De acordo com informações da Polícia Militar (PM), o desentendimento entre Oliveira e outro rapaz teve início em um estabelecimento na quadra 1 da rua 9. Os motivos da briga não foram esclarecidos. Durante a discussão, o rapaz sacou uma arma e efetuou vários disparos na direção da vítima, atingindo-a no peito e na cabeça. Oliveira foi socorrido pela unidade de resgate do Corpo de Bombeiros e encaminhado para o Pronto-Socorro Central, mas não resistiu e morreu ao chegar na unidade.
A delegada-adjunta da Delegacia de Investigações Gerais (DIG), Cíntia Maria Quaggio, relata que o atirador teria fugido do local após efetuar os disparos. Um suspeito foi apresentado pelos políciais militares que atenderam a ocorrência, mas não foi reconhecido por testemunhas que estavam no local.

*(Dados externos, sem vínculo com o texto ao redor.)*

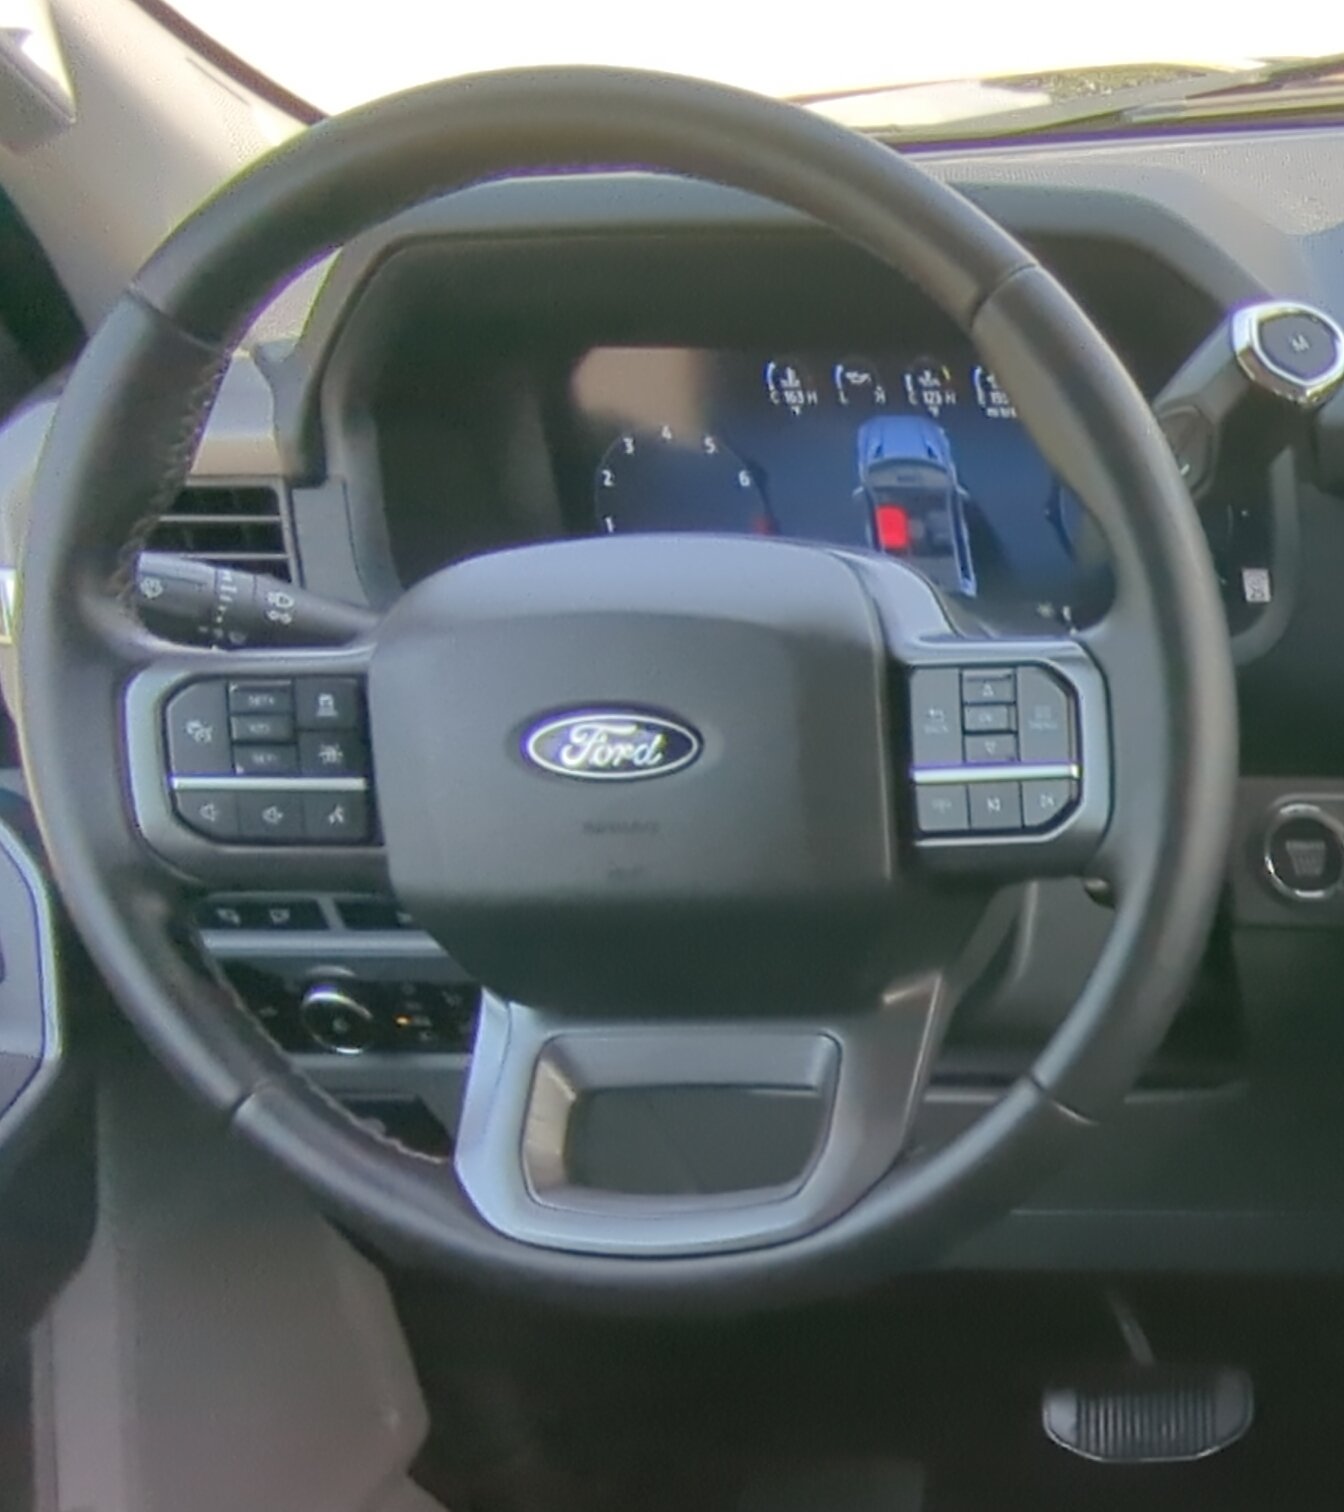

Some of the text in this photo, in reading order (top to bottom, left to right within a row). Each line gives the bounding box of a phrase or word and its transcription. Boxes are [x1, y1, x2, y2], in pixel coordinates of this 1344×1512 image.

“Estamos dependendo do resultado de alguns laudos para apontar se ele seria o autor do crime. Mas também estamos dando seguimento às investigações para apurar o caso”, afirma Quaggio.
Com a morte de Oliveira, sobe para 21 o número de homicídios em Bauru em menos de cinco meses deste ano. Desta forma, os índices de crimes desta natureza alcançam 50% do total de vítimas de crimes contra a vida do ano passado, quando foram registradas 42 mortes. No entanto, a Polícia Civil classifica como homicídio apenas os crimes em que a vítima morre no local.
Em entrevista ao JC no início do mês, o delegado seccional de Bauru, Antônio Ângelo Ciocca, afirmou que o álcool e as drogas estão entre os principais combustíveis para os crimes contra a vida. “A pessoa alcoolizada ou drogada não pensa muito nas consequências de um crime bárbaro contra a vida”, apontou na época.
De acordo com informações da PM e da Polícia Civil, pelo menos oito homicídios cometidos desde janeiro têm alguma relação com venda ou consumo de álcool (veja quadro). Destes, cinco ocorreram com pessoas que estavam reunidas ingerindo bebidas, e outros três em bares ou similares.